» Task input:
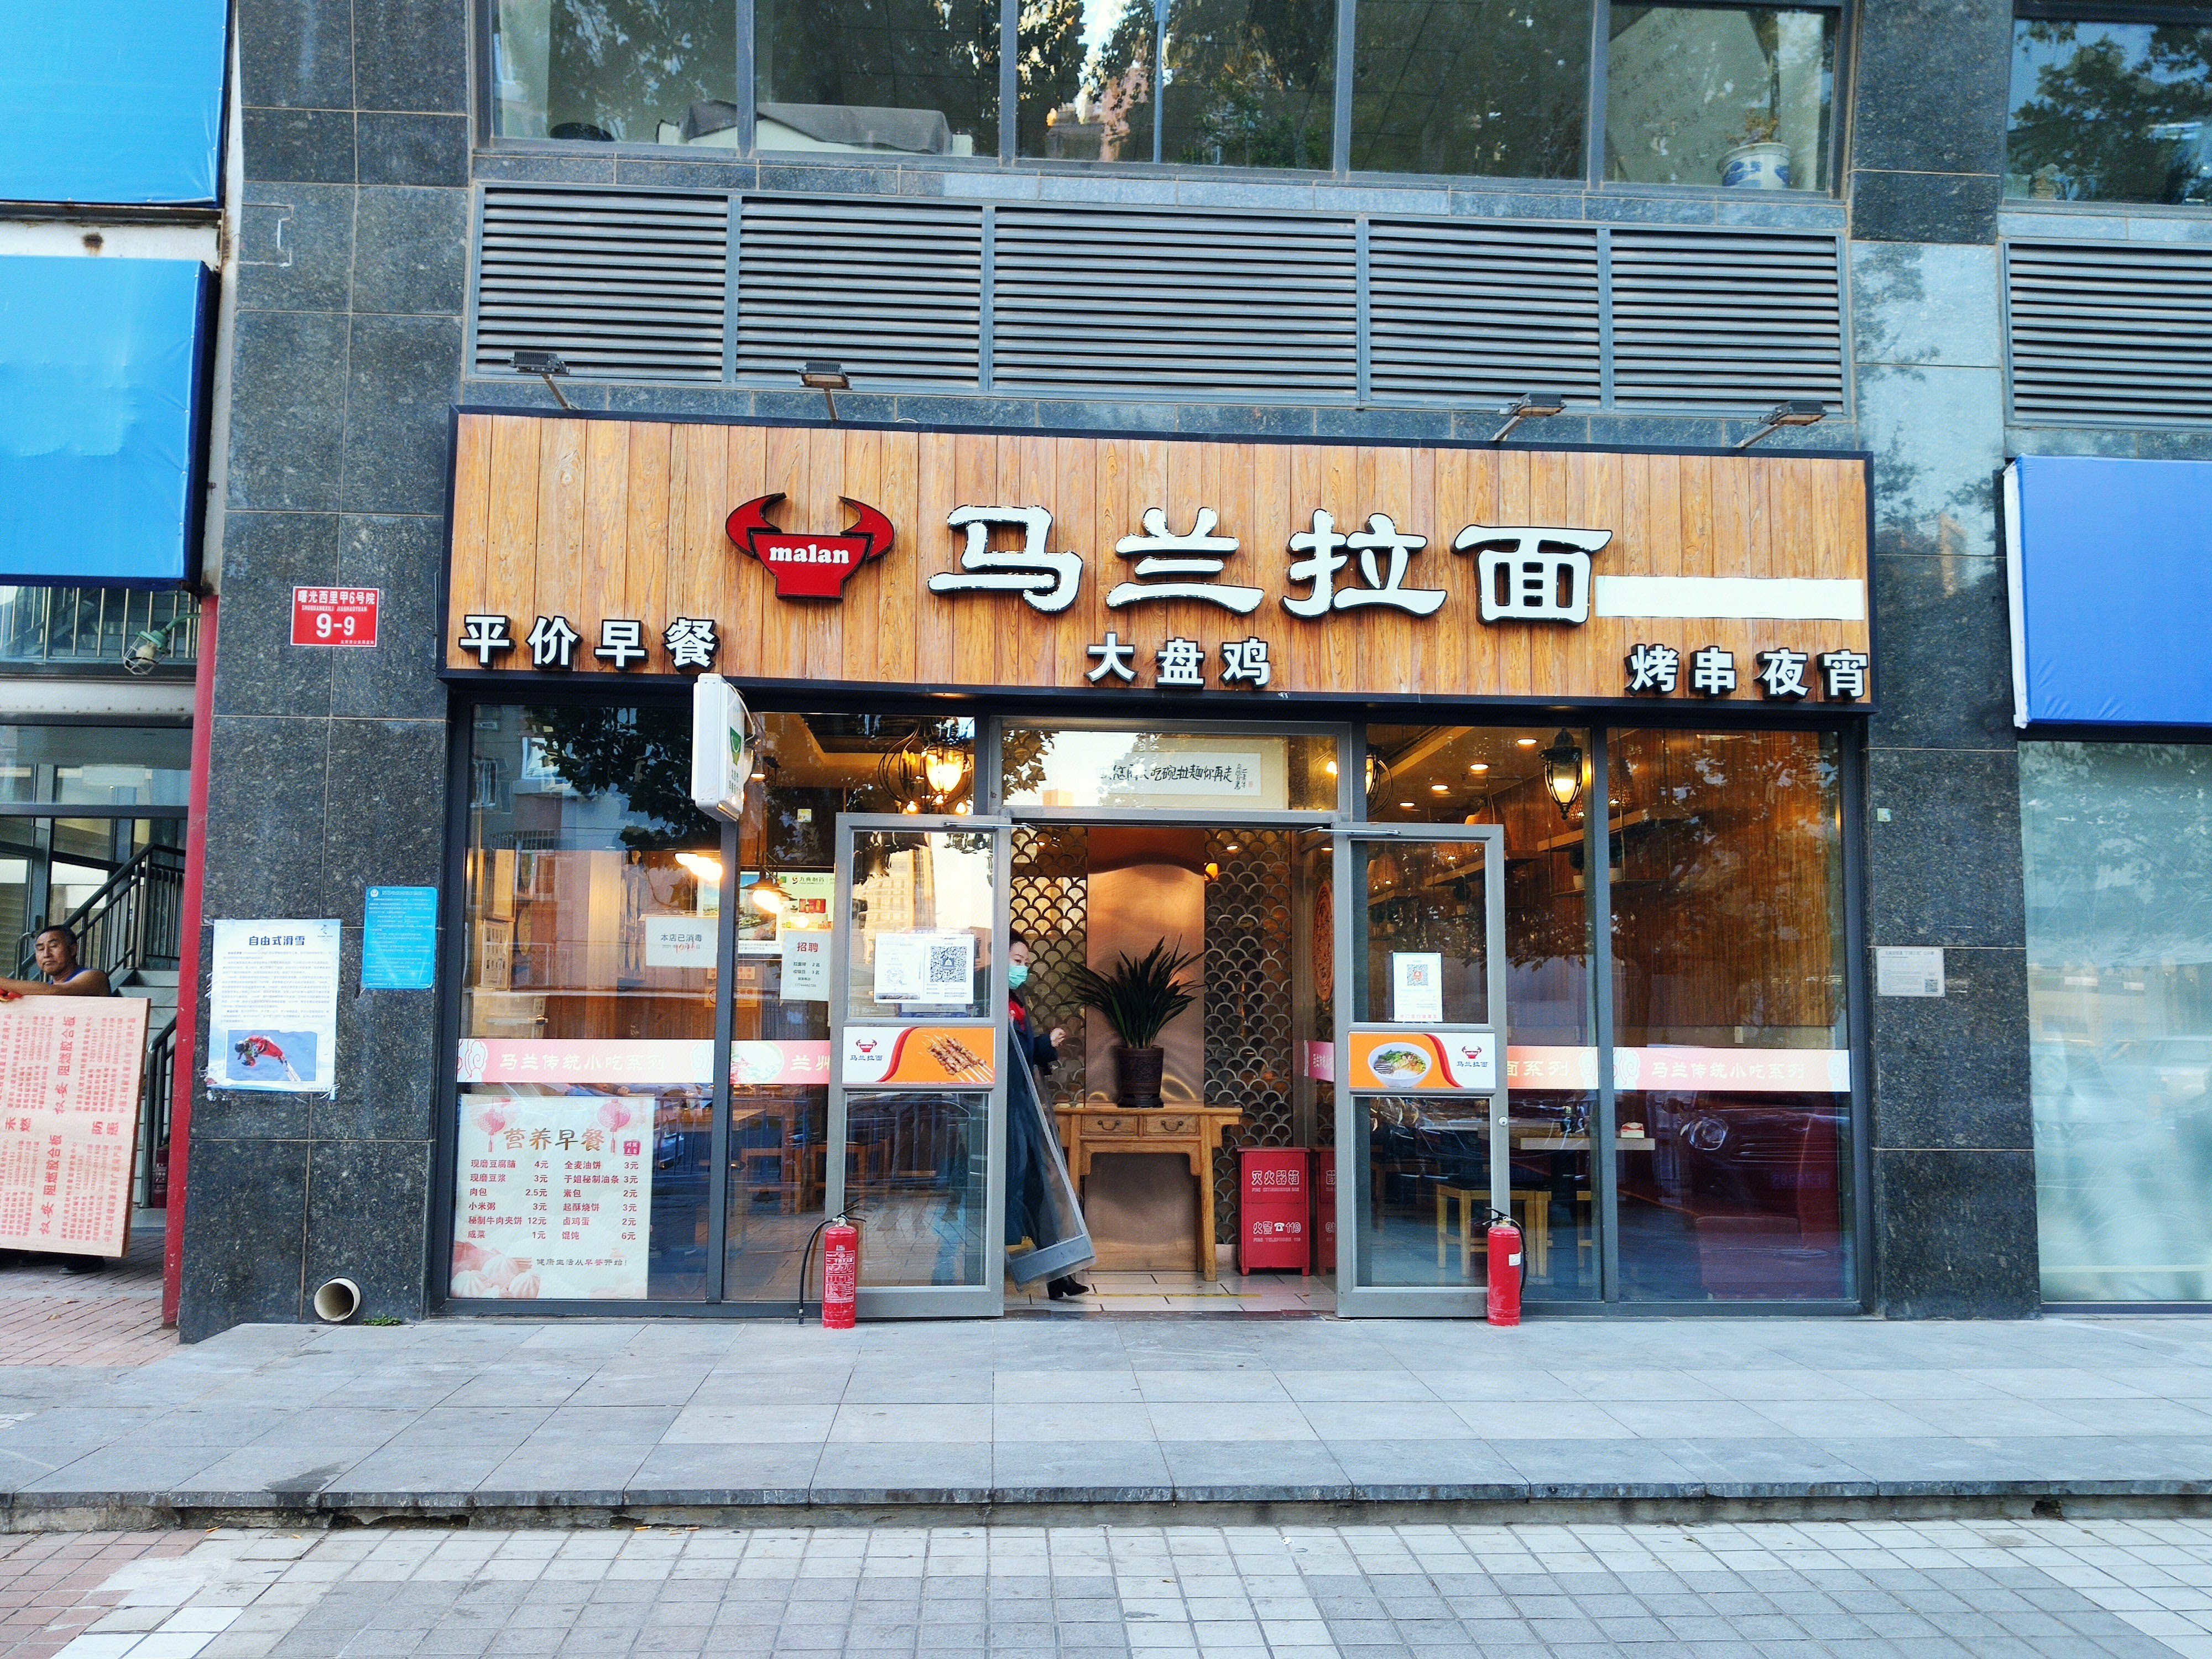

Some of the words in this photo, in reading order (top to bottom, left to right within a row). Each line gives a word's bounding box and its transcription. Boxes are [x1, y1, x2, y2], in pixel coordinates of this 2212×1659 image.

[769, 543, 851, 565] malan
[927, 504, 1612, 624] 马兰拉面
[298, 590, 375, 604] 曙光西里甲6号院
[316, 613, 355, 638] 9-9
[458, 614, 718, 669] 平价早餐
[1086, 632, 1271, 688] 大盘鸡
[1627, 642, 1869, 700] 烤串夜宵
[249, 936, 305, 946] 自由式滑雪
[660, 933, 702, 942] 本店已消毒
[797, 942, 818, 952] 招聘
[57, 1016, 75, 1076] 阻燃胶合板
[499, 1053, 665, 1071] 马兰传统小吃系列
[1651, 1061, 1805, 1079] 马兰传统小吃系列
[504, 1128, 605, 1151] 营养早餐
[43, 1135, 62, 1196] 阻燃胶合板
[471, 1160, 515, 1168] 现磨豆腐脑
[565, 1161, 601, 1170] 全麦油饼
[1251, 1170, 1300, 1185] 灭火器箱
[469, 1188, 487, 1196] 肉包
[468, 1217, 522, 1225] 秘制牛肉夹饼
[563, 1217, 589, 1225] 卤鸡蛋
[1253, 1221, 1273, 1234] 火警
[1286, 1222, 1301, 1233] 119
[562, 1232, 580, 1240] 馄饨

» What to work on:
If a record above holds a picture, leave the picture out and write out everything else exactly.

» Final answer:
Some of the words in this photo, in reading order (top to bottom, left to right within a row). Each line gives a word's bounding box and its transcription. Boxes are [x1, y1, x2, y2], in pixel coordinates of this 2212×1659 image.

[769, 543, 851, 565] malan
[927, 504, 1612, 624] 马兰拉面
[298, 590, 375, 604] 曙光西里甲6号院
[316, 613, 355, 638] 9-9
[458, 614, 718, 669] 平价早餐
[1086, 632, 1271, 688] 大盘鸡
[1627, 642, 1869, 700] 烤串夜宵
[249, 936, 305, 946] 自由式滑雪
[660, 933, 702, 942] 本店已消毒
[797, 942, 818, 952] 招聘
[57, 1016, 75, 1076] 阻燃胶合板
[499, 1053, 665, 1071] 马兰传统小吃系列
[1651, 1061, 1805, 1079] 马兰传统小吃系列
[504, 1128, 605, 1151] 营养早餐
[43, 1135, 62, 1196] 阻燃胶合板
[471, 1160, 515, 1168] 现磨豆腐脑
[565, 1161, 601, 1170] 全麦油饼
[1251, 1170, 1300, 1185] 灭火器箱
[469, 1188, 487, 1196] 肉包
[468, 1217, 522, 1225] 秘制牛肉夹饼
[563, 1217, 589, 1225] 卤鸡蛋
[1253, 1221, 1273, 1234] 火警
[1286, 1222, 1301, 1233] 119
[562, 1232, 580, 1240] 馄饨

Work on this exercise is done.